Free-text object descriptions
----

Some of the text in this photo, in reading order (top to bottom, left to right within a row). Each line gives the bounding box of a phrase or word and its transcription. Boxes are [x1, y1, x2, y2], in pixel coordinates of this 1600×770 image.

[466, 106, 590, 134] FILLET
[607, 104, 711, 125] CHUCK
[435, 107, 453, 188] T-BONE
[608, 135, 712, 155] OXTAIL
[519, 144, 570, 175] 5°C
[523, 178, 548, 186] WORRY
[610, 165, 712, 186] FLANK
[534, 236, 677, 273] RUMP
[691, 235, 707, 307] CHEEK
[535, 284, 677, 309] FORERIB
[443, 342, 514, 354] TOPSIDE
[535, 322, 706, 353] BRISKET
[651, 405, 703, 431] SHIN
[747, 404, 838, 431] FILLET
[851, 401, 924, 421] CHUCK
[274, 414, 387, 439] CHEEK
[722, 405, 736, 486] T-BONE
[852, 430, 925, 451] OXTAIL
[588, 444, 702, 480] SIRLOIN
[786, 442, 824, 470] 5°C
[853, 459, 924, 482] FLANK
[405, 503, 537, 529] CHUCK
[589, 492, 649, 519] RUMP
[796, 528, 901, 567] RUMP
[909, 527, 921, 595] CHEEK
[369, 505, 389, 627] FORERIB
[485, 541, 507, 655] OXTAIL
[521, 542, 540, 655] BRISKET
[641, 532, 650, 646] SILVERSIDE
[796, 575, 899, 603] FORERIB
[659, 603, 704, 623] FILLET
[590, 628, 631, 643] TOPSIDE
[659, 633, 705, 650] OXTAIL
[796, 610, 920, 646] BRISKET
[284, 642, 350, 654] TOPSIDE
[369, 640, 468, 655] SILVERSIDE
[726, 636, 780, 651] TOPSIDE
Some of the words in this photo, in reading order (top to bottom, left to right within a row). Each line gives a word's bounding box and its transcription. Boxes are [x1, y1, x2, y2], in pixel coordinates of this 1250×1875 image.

----

_WORK TO COMPLETE_.
Every line of data must be returned unchanged.

_ANSWER TO THE EXERCISE_.
Some of the text in this photo, in reading order (top to bottom, left to right within a row). Each line gives the bounding box of a phrase or word and its transcription. Boxes are [x1, y1, x2, y2], in pixel coordinates of this 1600×770 image.

[466, 106, 590, 134] FILLET
[607, 104, 711, 125] CHUCK
[435, 107, 453, 188] T-BONE
[608, 135, 712, 155] OXTAIL
[519, 144, 570, 175] 5°C
[523, 178, 548, 186] WORRY
[610, 165, 712, 186] FLANK
[534, 236, 677, 273] RUMP
[691, 235, 707, 307] CHEEK
[535, 284, 677, 309] FORERIB
[443, 342, 514, 354] TOPSIDE
[535, 322, 706, 353] BRISKET
[651, 405, 703, 431] SHIN
[747, 404, 838, 431] FILLET
[851, 401, 924, 421] CHUCK
[274, 414, 387, 439] CHEEK
[722, 405, 736, 486] T-BONE
[852, 430, 925, 451] OXTAIL
[588, 444, 702, 480] SIRLOIN
[786, 442, 824, 470] 5°C
[853, 459, 924, 482] FLANK
[405, 503, 537, 529] CHUCK
[589, 492, 649, 519] RUMP
[796, 528, 901, 567] RUMP
[909, 527, 921, 595] CHEEK
[369, 505, 389, 627] FORERIB
[485, 541, 507, 655] OXTAIL
[521, 542, 540, 655] BRISKET
[641, 532, 650, 646] SILVERSIDE
[796, 575, 899, 603] FORERIB
[659, 603, 704, 623] FILLET
[590, 628, 631, 643] TOPSIDE
[659, 633, 705, 650] OXTAIL
[796, 610, 920, 646] BRISKET
[284, 642, 350, 654] TOPSIDE
[369, 640, 468, 655] SILVERSIDE
[726, 636, 780, 651] TOPSIDE
Some of the words in this photo, in reading order (top to bottom, left to right within a row). Each line gives a word's bounding box and its transcription. Boxes are [x1, y1, x2, y2], in pixel coordinates of this 1250×1875 image.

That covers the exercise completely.